__Exercise directions__: Copy the data below exactly, but not the pictures it contains.

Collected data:

BEGIN

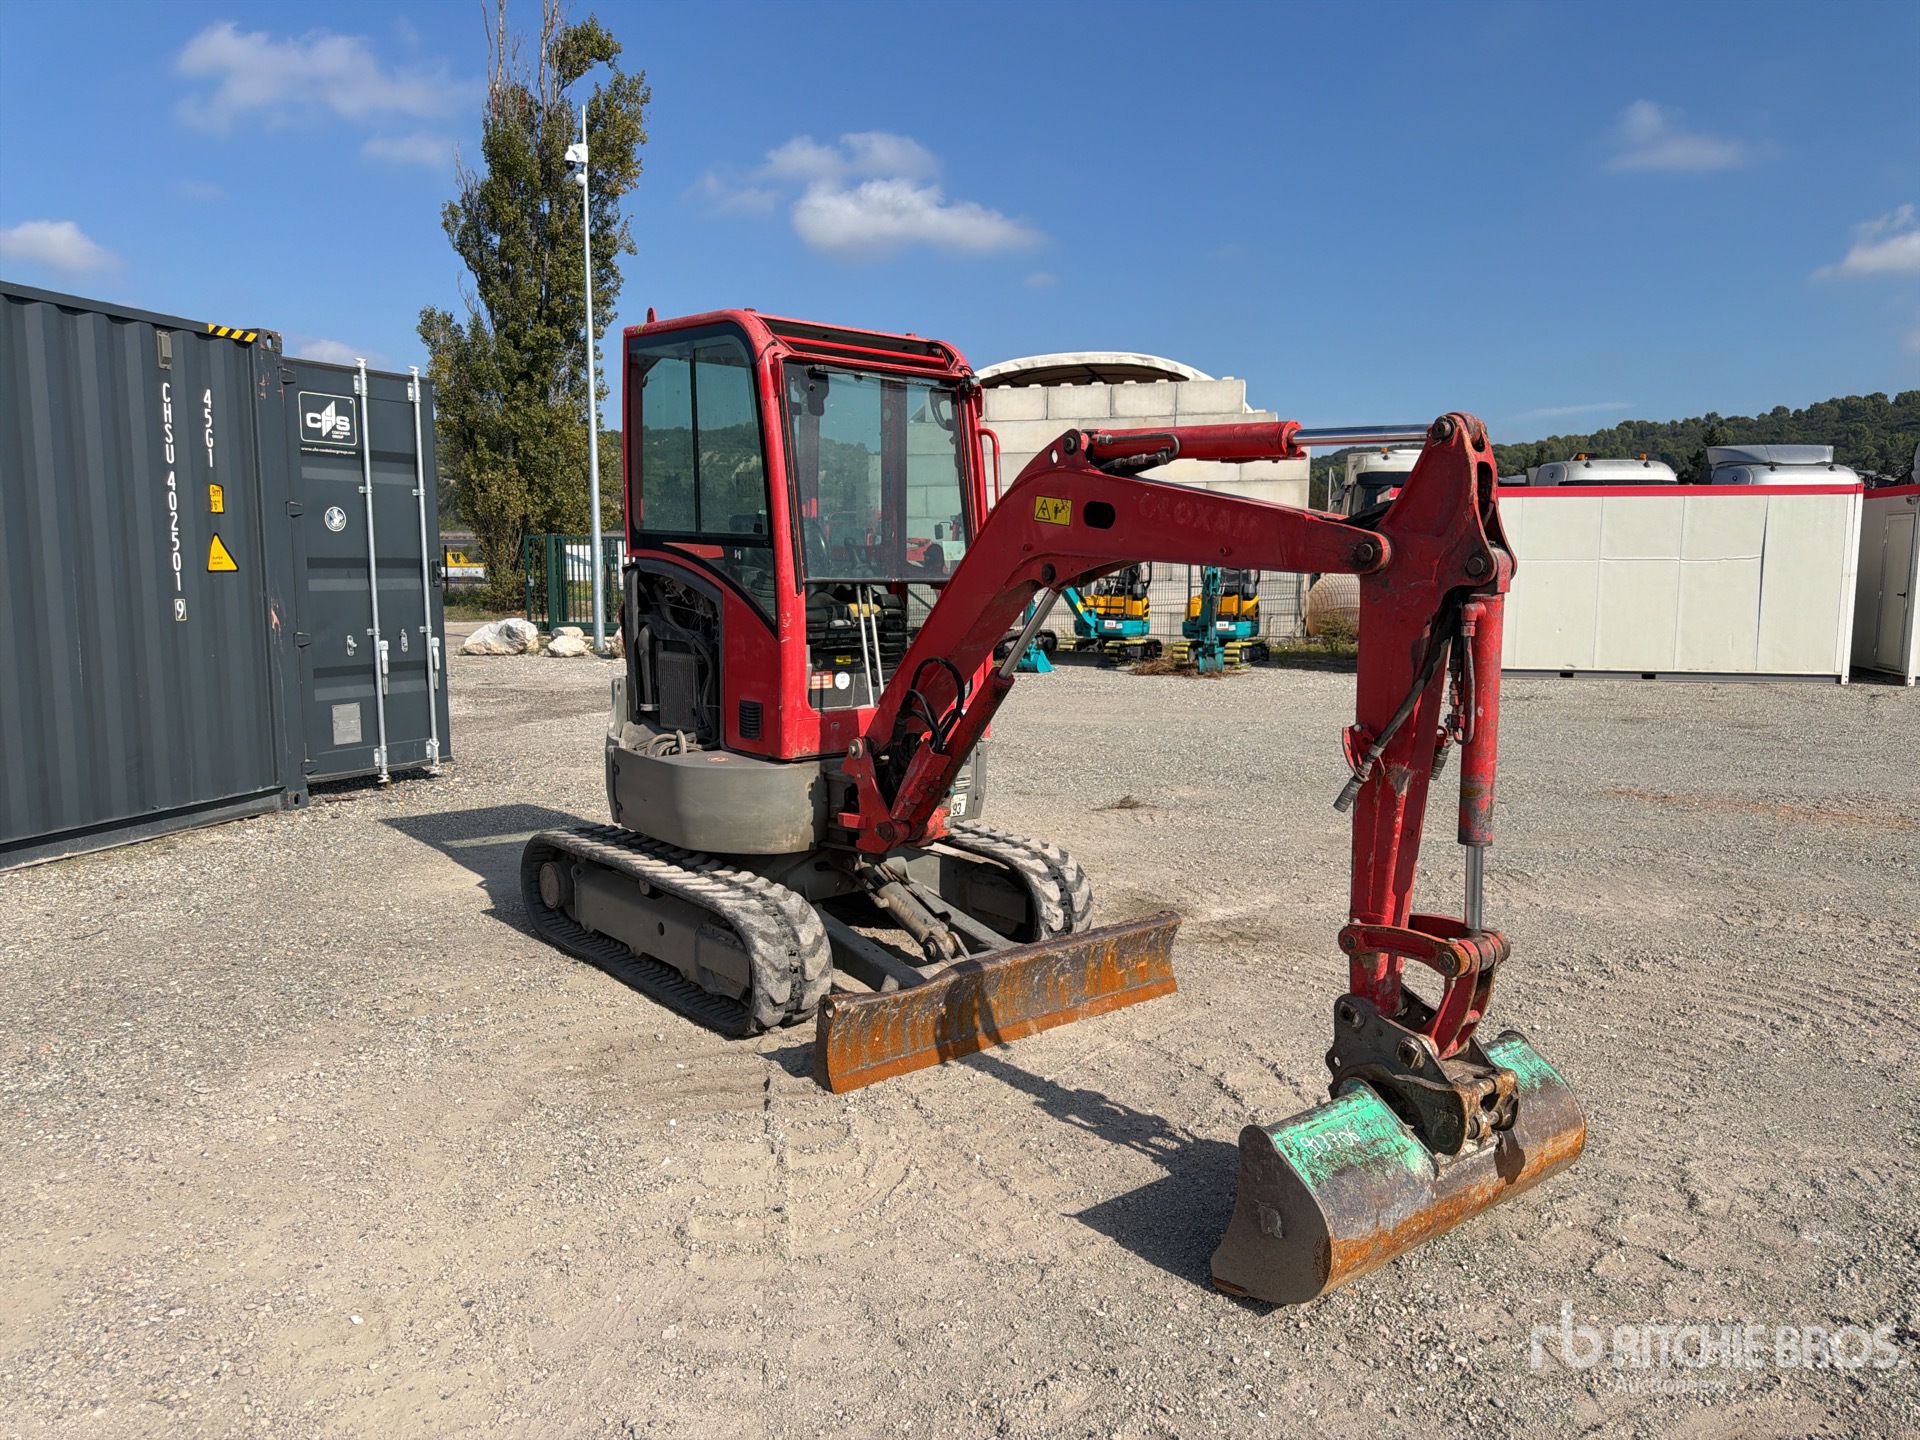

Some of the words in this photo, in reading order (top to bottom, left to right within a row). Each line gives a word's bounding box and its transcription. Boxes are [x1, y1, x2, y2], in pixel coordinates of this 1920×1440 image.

[162, 382, 175, 464] CHSU
[203, 388, 214, 468] 45G1
[306, 400, 351, 437] CHS
[167, 471, 181, 591] 402501
[175, 600, 185, 620] 9
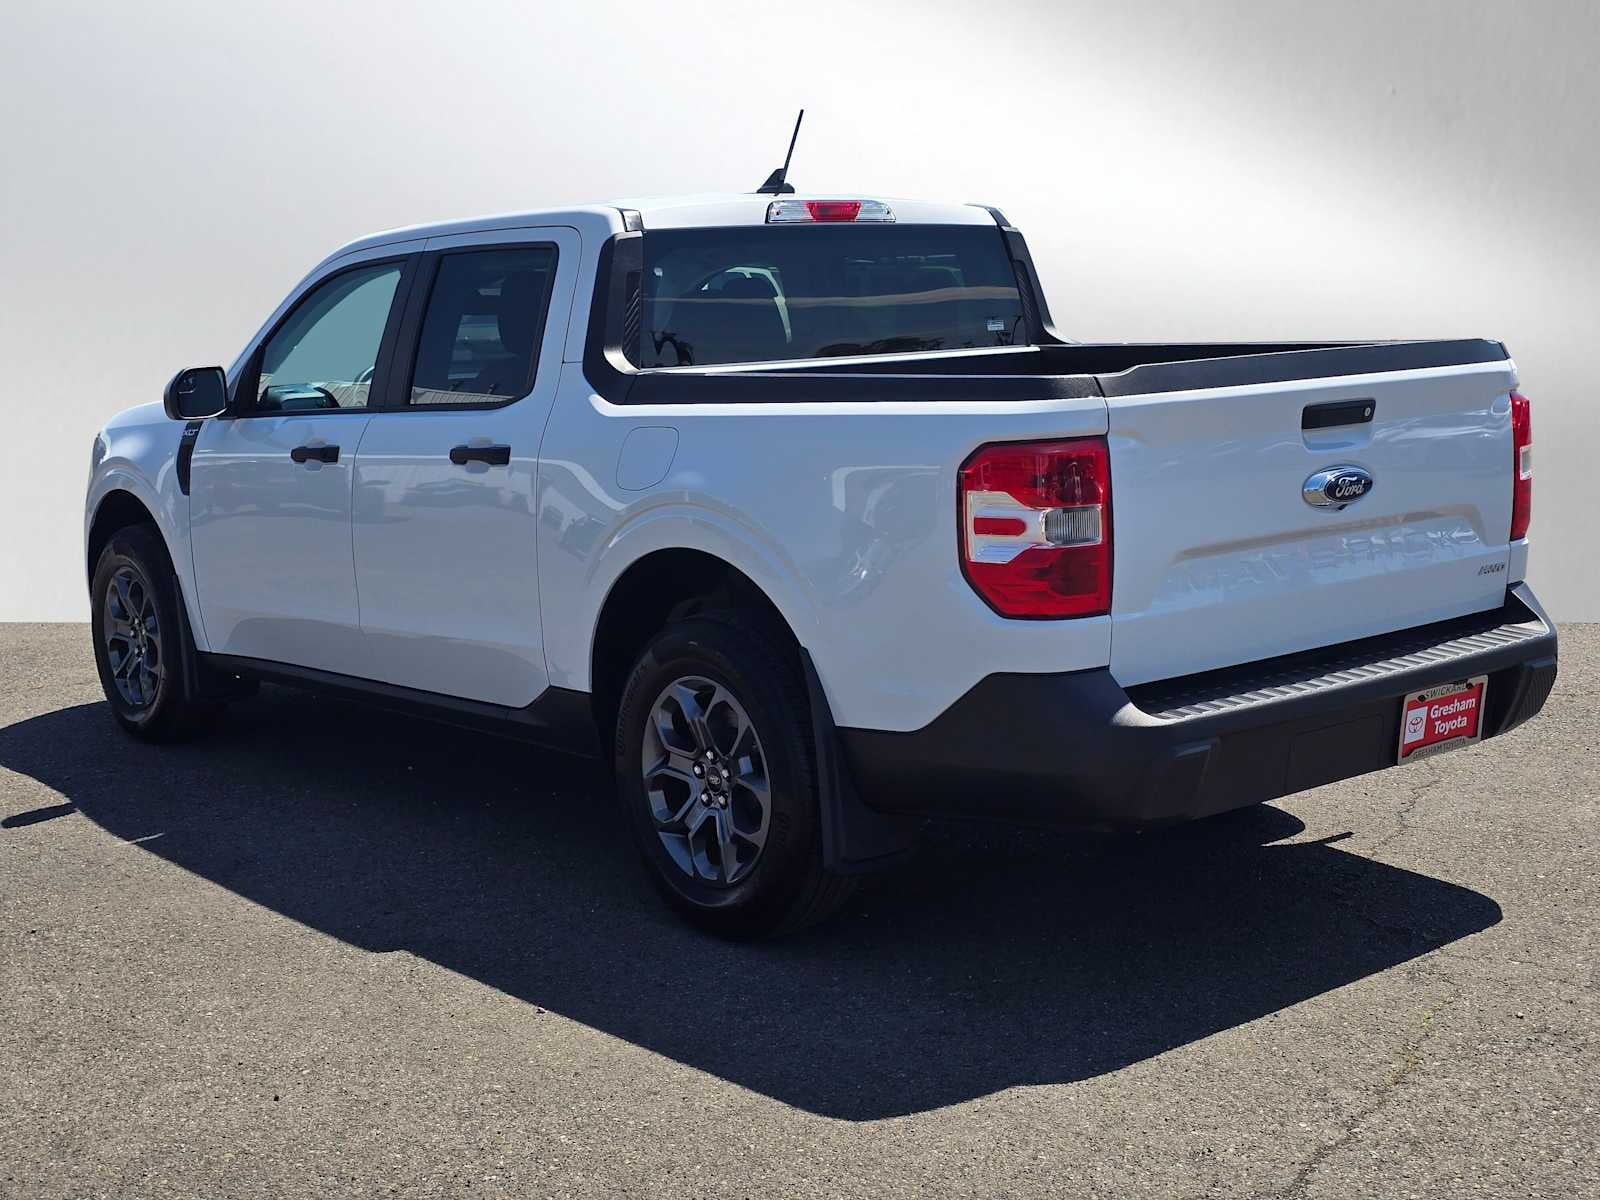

END

__Result of this task__:
Some of the words in this photo, in reading order (top to bottom, left to right within a row). Each line gives a word's bounding box and its transcription. Boxes are [x1, y1, x2, y2], in pixel coordinates of this 1920×1440 image.

[162, 382, 175, 464] CHSU
[203, 388, 214, 468] 45G1
[306, 400, 351, 437] CHS
[167, 471, 181, 591] 402501
[175, 600, 185, 620] 9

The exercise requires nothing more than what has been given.